Could you please repeat the entries below word for word, with the images left out?

═════ The data

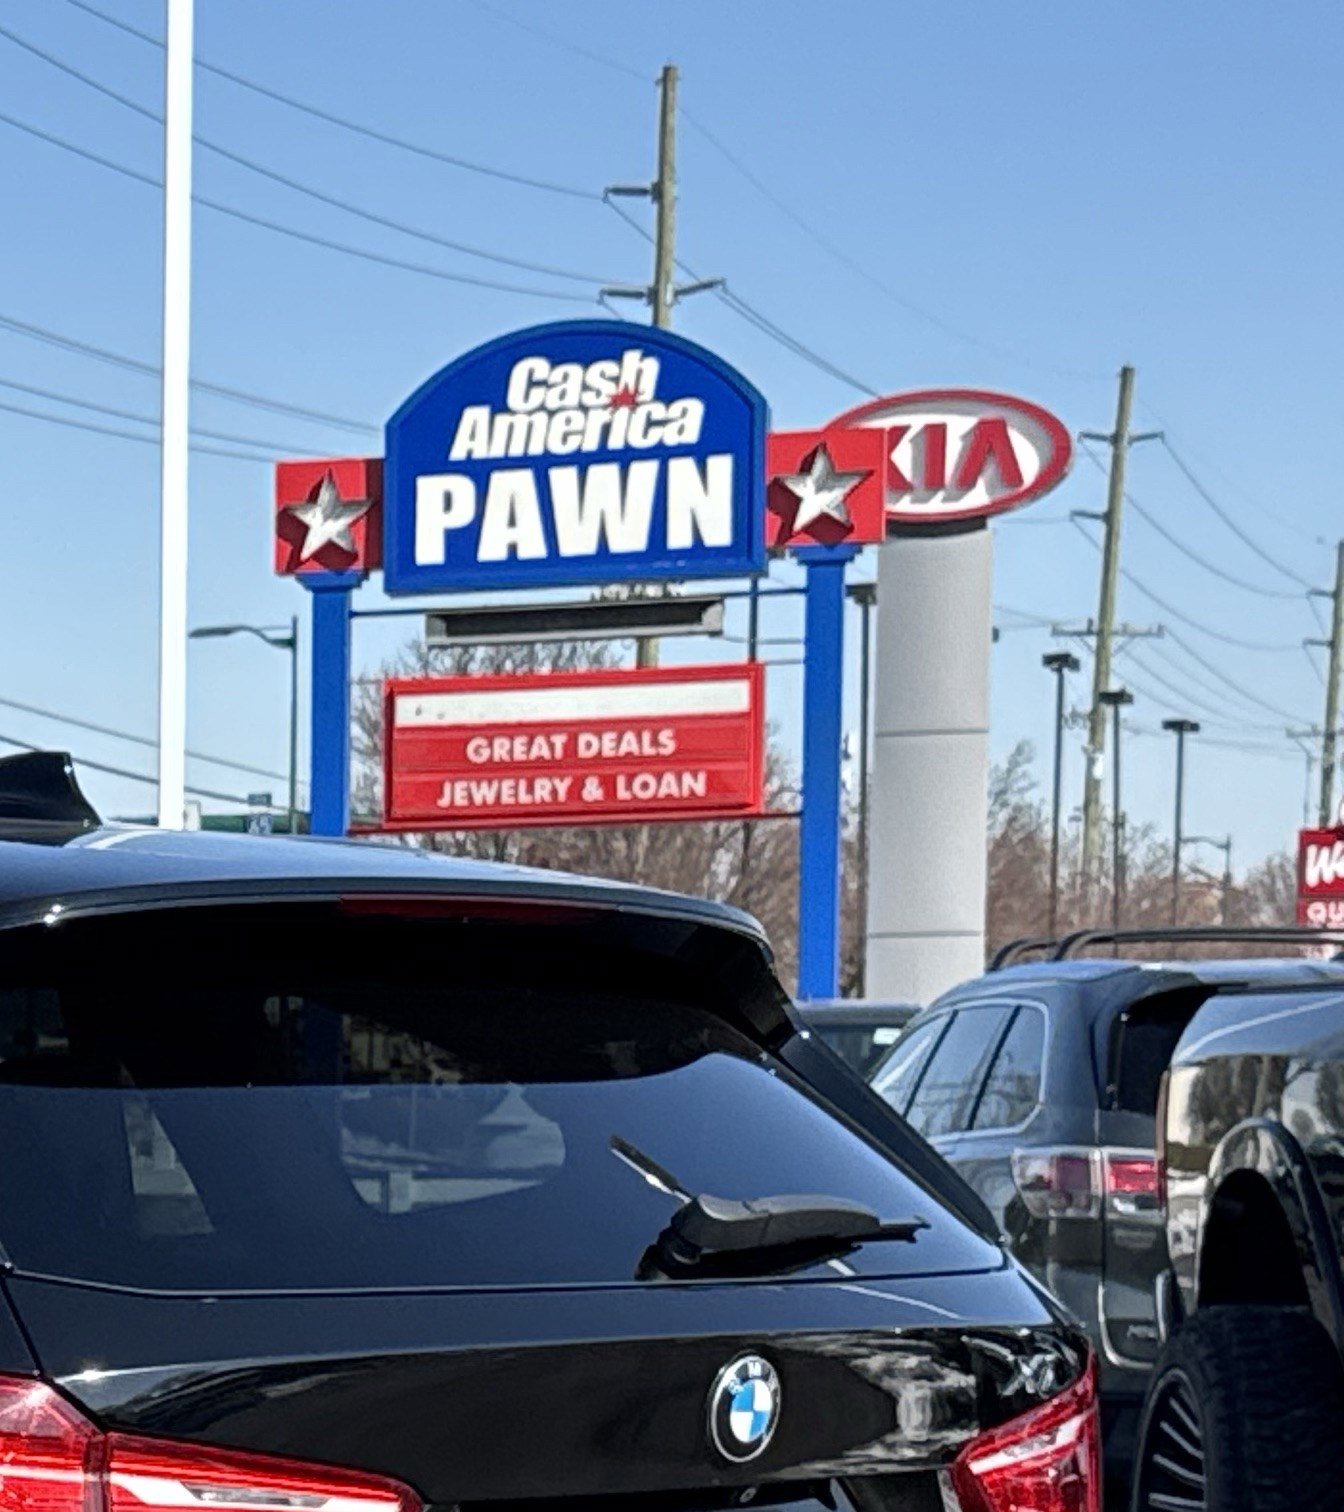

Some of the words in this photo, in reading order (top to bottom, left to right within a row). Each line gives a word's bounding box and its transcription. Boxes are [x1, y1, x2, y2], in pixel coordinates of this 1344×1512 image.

[505, 349, 660, 413] Cash
[448, 396, 705, 462] America
[415, 453, 733, 567] PAWN
[466, 733, 567, 764] GREAT
[576, 728, 677, 759] DEALS
[437, 776, 572, 808] JEWELRY
[580, 775, 605, 802] &
[615, 769, 708, 801] LOAN
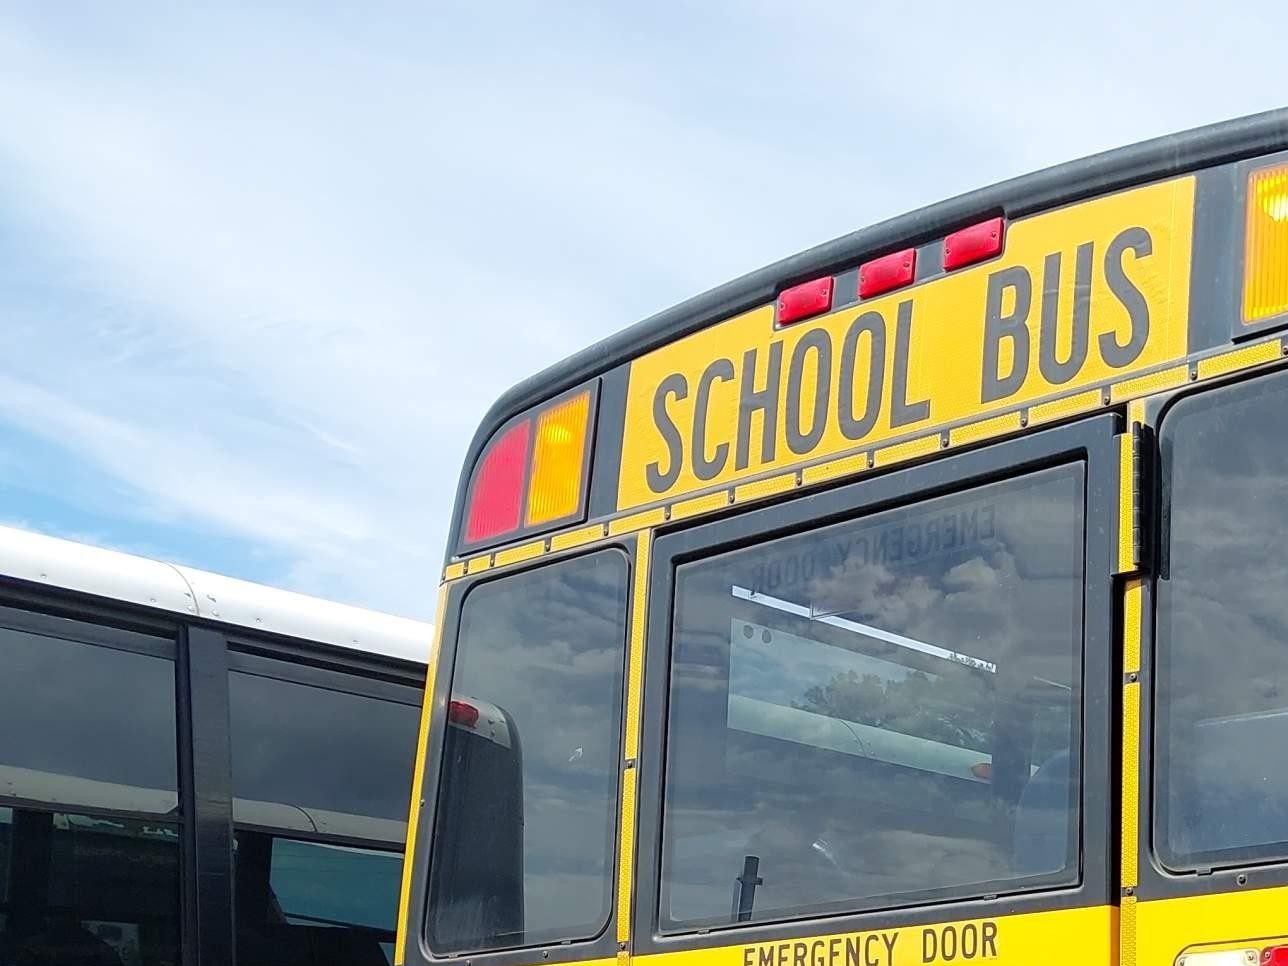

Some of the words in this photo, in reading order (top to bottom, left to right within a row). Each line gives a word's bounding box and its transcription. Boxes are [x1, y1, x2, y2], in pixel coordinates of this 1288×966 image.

══════════

Written response
Some of the words in this photo, in reading order (top to bottom, left to right within a row). Each line gives a word's bounding box and its transcription. Boxes are [x1, y1, x2, y2], in pixel coordinates of this 1344×1512 image.

[505, 349, 660, 413] Cash
[448, 396, 705, 462] America
[415, 453, 733, 567] PAWN
[466, 733, 567, 764] GREAT
[576, 728, 677, 759] DEALS
[437, 776, 572, 808] JEWELRY
[580, 775, 605, 802] &
[615, 769, 708, 801] LOAN

Some of the words in this photo, in reading order (top to bottom, left to right within a row). Each line gives a word's bounding box and its transcription. Boxes are [x1, y1, x2, y2], in pixel coordinates of this 1288×966 image.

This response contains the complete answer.